All of these ensured that we met our RDA (recommended daily allowance) of birds even before reaching the ticket office of the forest.

Our jeep driver Ranji was awaiting our arrival at the ticket office, and soon after obtaining our permits and meeting our mandatory local guide, Dharshana, we drove up to Martin’s for a quick cuppa. Just as I experienced on the previous trip, the forest was absolutely teeming with life. I think the heavy rains we had in the last several days had helped. Despite the early signs of gloomy conditions, the weather held up when it mattered, and we didn't have to use our brollies even on a single occasion.

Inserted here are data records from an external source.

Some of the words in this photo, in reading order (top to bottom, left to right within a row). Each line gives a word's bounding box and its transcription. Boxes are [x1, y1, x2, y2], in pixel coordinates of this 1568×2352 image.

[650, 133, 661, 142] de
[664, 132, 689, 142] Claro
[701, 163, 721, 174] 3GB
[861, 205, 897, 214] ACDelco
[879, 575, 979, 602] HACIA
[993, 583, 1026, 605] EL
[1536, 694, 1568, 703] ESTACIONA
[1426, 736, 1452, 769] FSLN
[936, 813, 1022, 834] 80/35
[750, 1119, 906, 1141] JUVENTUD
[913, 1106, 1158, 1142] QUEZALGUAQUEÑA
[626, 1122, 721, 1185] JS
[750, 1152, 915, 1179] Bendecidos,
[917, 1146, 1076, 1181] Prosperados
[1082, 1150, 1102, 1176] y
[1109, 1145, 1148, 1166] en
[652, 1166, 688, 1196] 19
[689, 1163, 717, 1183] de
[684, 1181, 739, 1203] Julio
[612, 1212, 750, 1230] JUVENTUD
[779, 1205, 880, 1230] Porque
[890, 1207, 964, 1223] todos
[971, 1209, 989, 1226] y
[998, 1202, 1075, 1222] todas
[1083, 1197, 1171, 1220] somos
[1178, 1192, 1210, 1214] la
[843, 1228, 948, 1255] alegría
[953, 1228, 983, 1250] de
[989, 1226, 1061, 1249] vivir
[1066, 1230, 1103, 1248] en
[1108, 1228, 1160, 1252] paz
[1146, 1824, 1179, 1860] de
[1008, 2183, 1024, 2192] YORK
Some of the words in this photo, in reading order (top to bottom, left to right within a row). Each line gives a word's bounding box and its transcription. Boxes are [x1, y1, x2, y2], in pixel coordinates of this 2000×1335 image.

On bigger tours we can have luxury of taking this easy as often we have multiple chances to see thing during the course of the trip. However, on day tours, we do not have that freedom, so I try to show things to my clients on the first opportunity itself.  This worked well on this trip too. To give you a classic example, soon after entering the forest, we heard a Sri Lanka Blue Magpie at the back. It was tempting ignore it, hoping that we will encounter it later on during the walk. But, I decided go for it. And it turned out to be a good call as the sighting we had of it proved the only one for the whole trip. It was also Steve's top highlight of the trip, which made the decision to go for it all the more special.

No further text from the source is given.